The killing of beautician Rachel Kiely (22), just a few hundred yards from her home in October 2000, sent fear through the local community in Ballincollig and greater Cork and beyond.
That a young woman, a member of the Jehovah's Witness community, could be raped and killed was shocking enough, but what made it even more terrifying was that that she was killed in normally peaceful Ballincollig Regional Park so close to her home.
Developed by Cork County Council on the site of the gunpowder mills at the old British army barracks, the Regional Park had become a popular spot. It was well known to Rachel Kiely.

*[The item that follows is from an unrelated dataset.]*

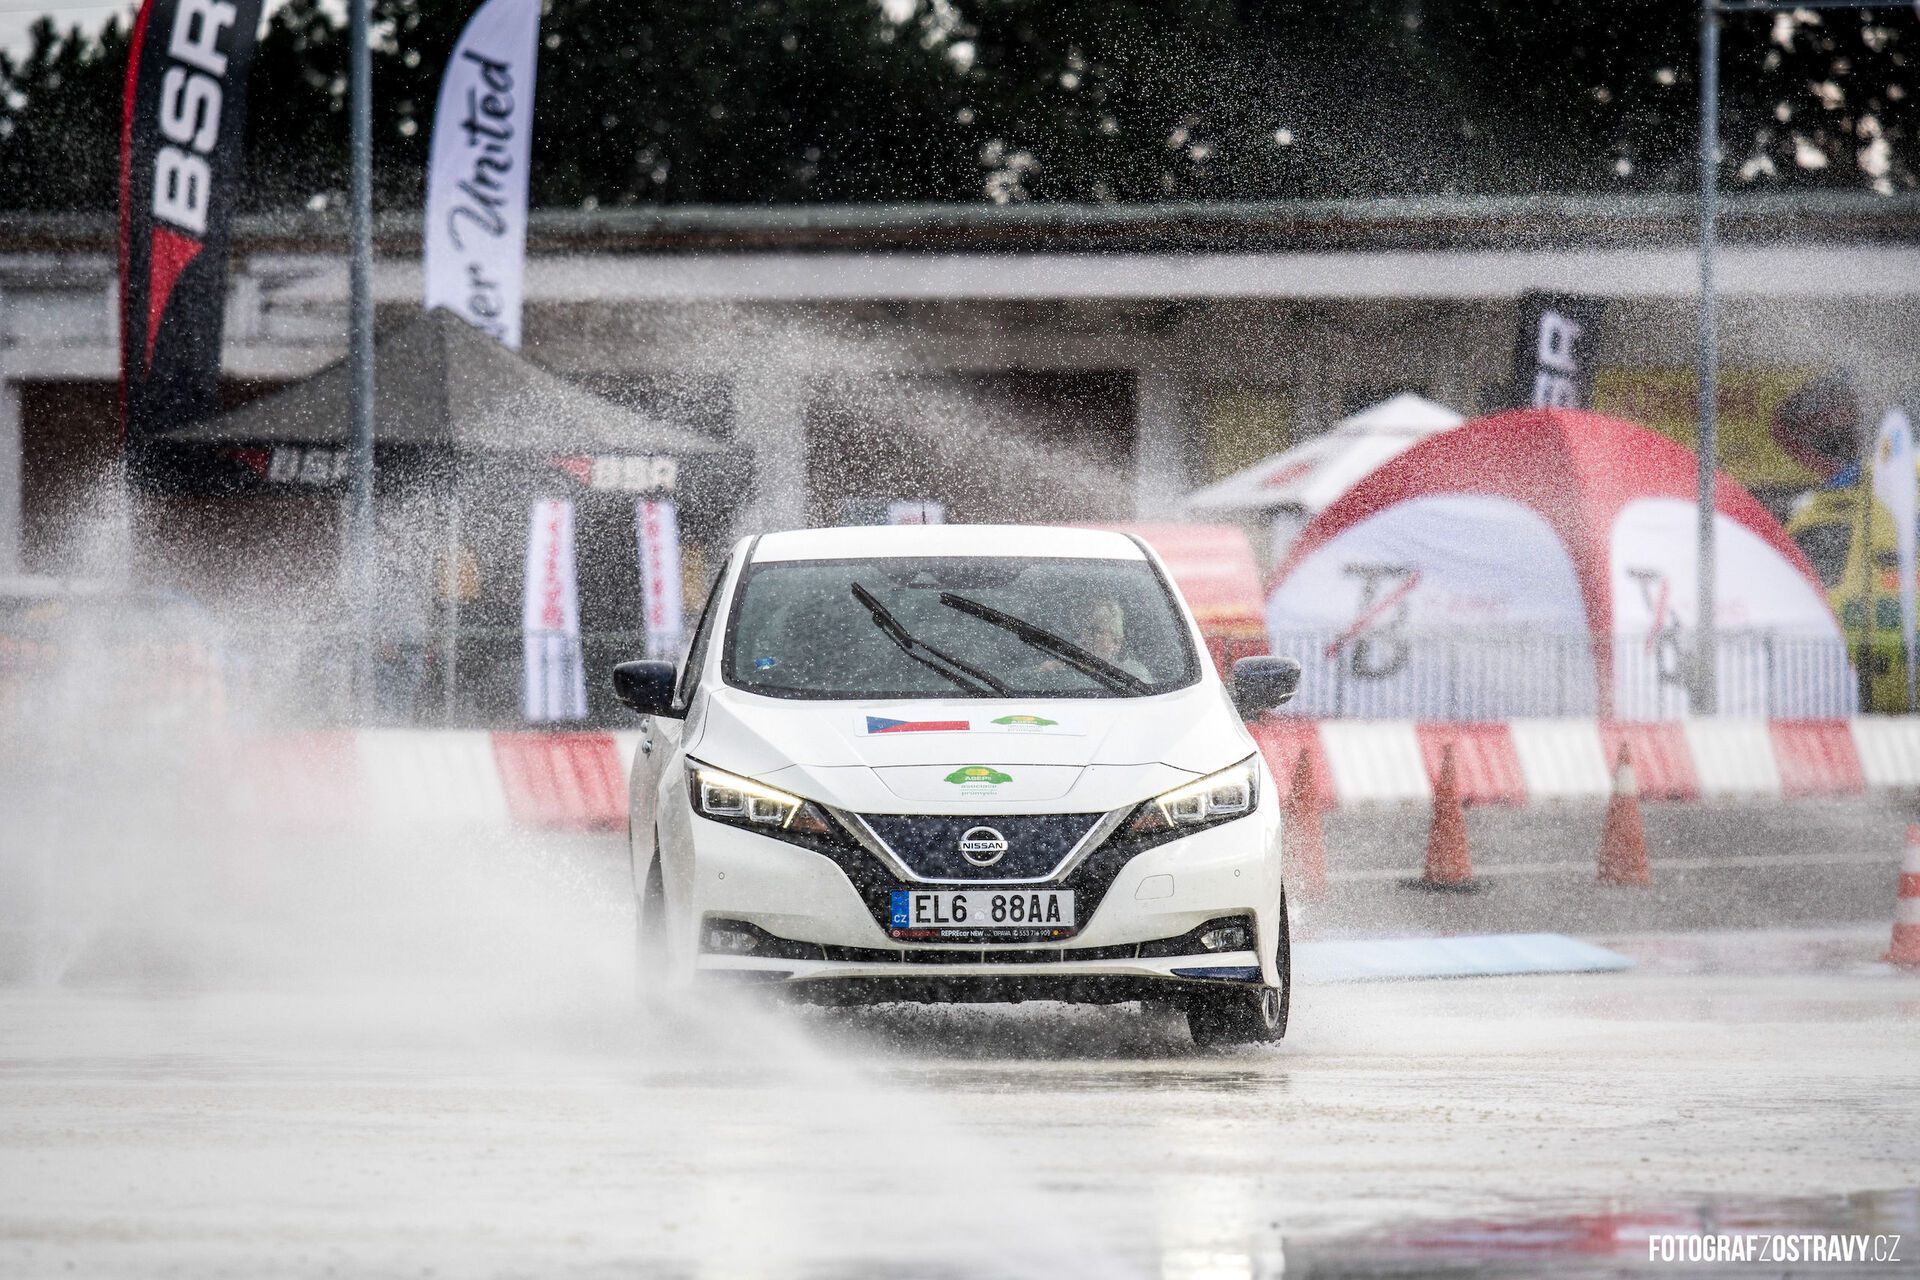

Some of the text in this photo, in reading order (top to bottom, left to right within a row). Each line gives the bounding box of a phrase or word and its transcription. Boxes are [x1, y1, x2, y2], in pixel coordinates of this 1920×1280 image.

[152, 0, 237, 236] BSR
[448, 48, 515, 250] United
[893, 915, 907, 923] CZ
[915, 894, 1061, 923] EL6 88AA

Living in nearby Inishmore Square estate, she frequently walked along the network of paths which meander through the copses and parkland flanking the southern bank of the River Lee.
On October 26th, 2000, Ms Kiely took a walk there with the family's two dogs. Within an hour or so of leaving home at about 4.30pm, she had been accosted, raped and killed by her then 16- year-old neighbour, Ian Horgan.

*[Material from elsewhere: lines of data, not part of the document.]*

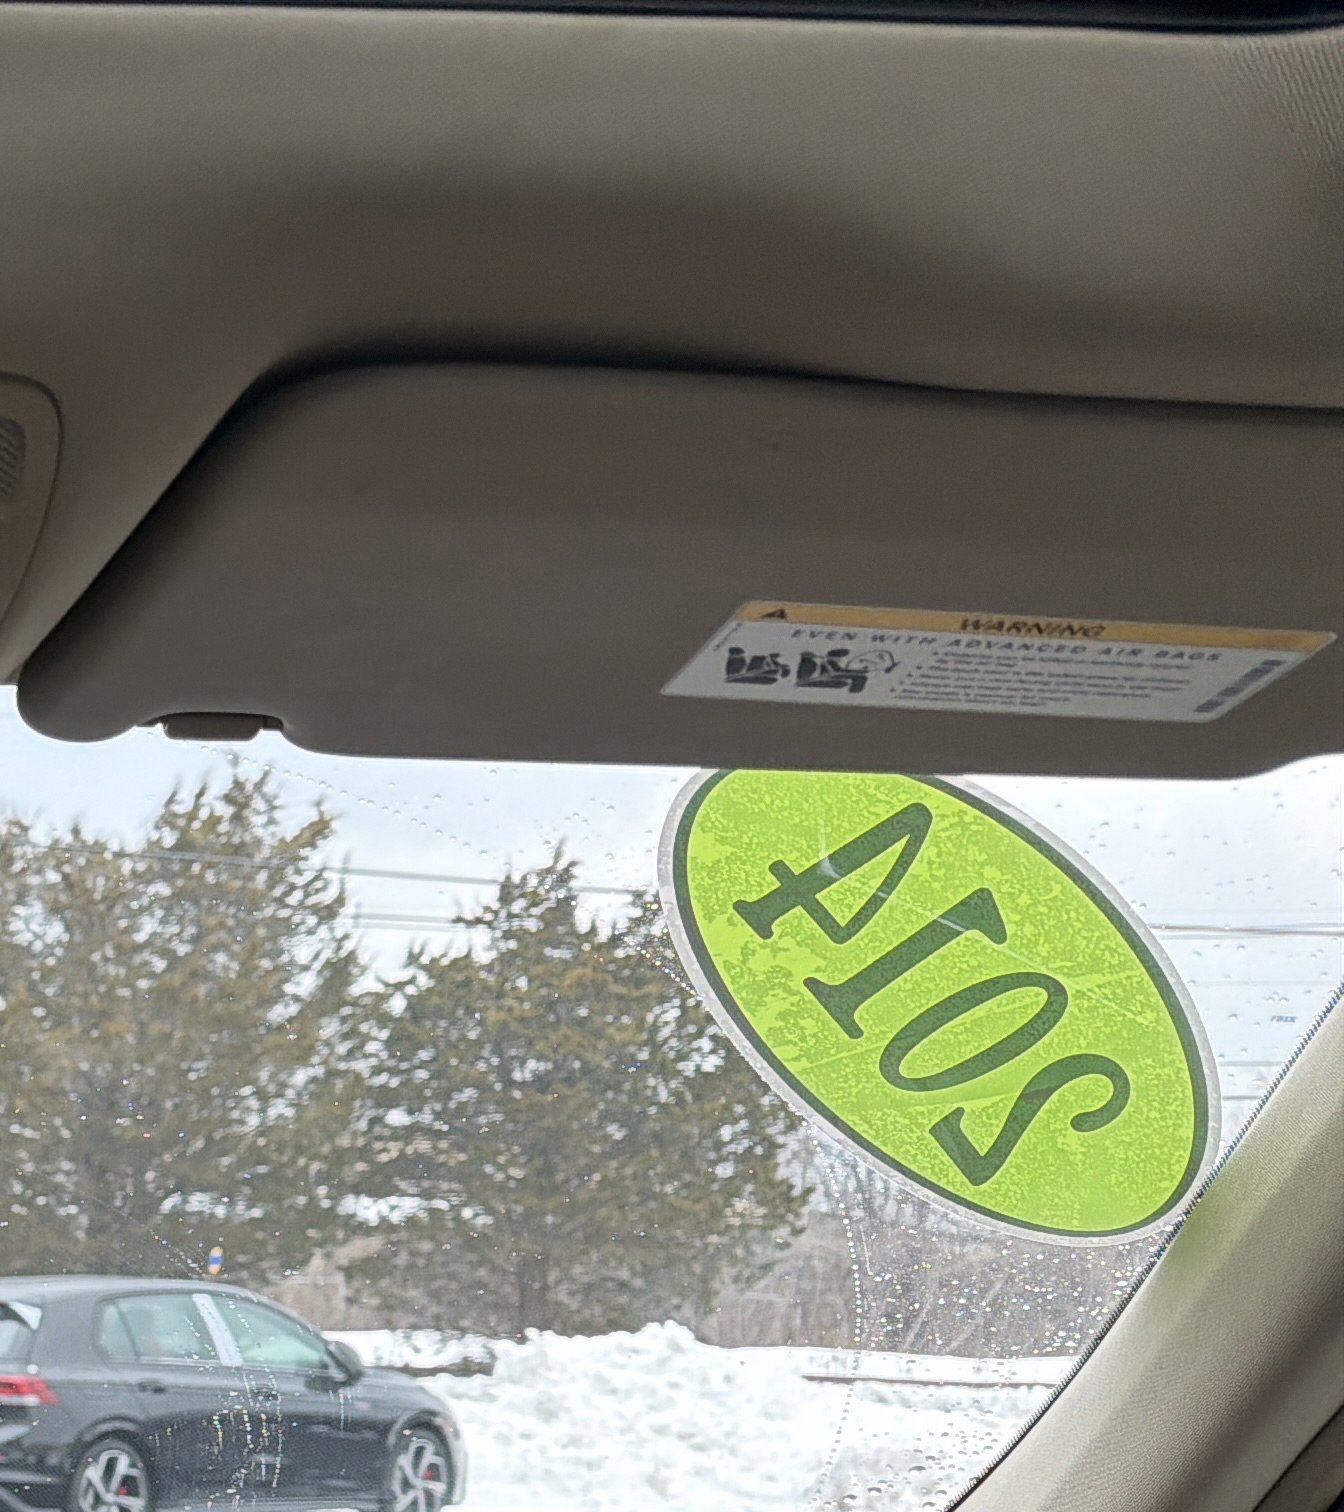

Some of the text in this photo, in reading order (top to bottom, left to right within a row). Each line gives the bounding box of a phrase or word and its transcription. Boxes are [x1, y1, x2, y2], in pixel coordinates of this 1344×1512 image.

[961, 618, 1107, 638] WARNING
[791, 629, 857, 641] EVEN
[871, 634, 937, 645] WITH
[948, 639, 1087, 655] ADVANCED
[1098, 647, 1143, 658] AIR
[1154, 651, 1223, 662] BAGS

Her mother, Rose, became concerned when the dogs returned home at about 6.30pm. A search got under way involving her family, members of the local Jehovah's Witness community and gardaí.
Ms Kiely's body was discovered 25m from the ruin of an old house in the park. It had been partially concealed with briars and ferns but it was clear to gardaí that she had suffered a violent death. A murder hunt was launched.
Ballincollig, then as now, was a burgeoning satellite of Cork city with large numbers of young families who, united in shock, became fearful. Parents collected children from school and people stopped going to the Regional Park.
Recently returned from working as an au pair in Italy, Ms Kiely was due to attend a Bible-reading class on the night she was killed.
At her funeral, her uncle, Max Warden, an elder of the church in Britain, said: "Rachel was a lovely person. If you went to her room, you would always see the Bible open. She was always reading from it. She loved the Bible and she loved Jehovah. During the past month, she was going from house to house, preaching the word of God.
"People are asking why something like should happen to a righteous woman such as Rachel but the answer is to be found in the Bible. Rachel learned at an early age that Jehovah loved all mankind," said Mr Warden.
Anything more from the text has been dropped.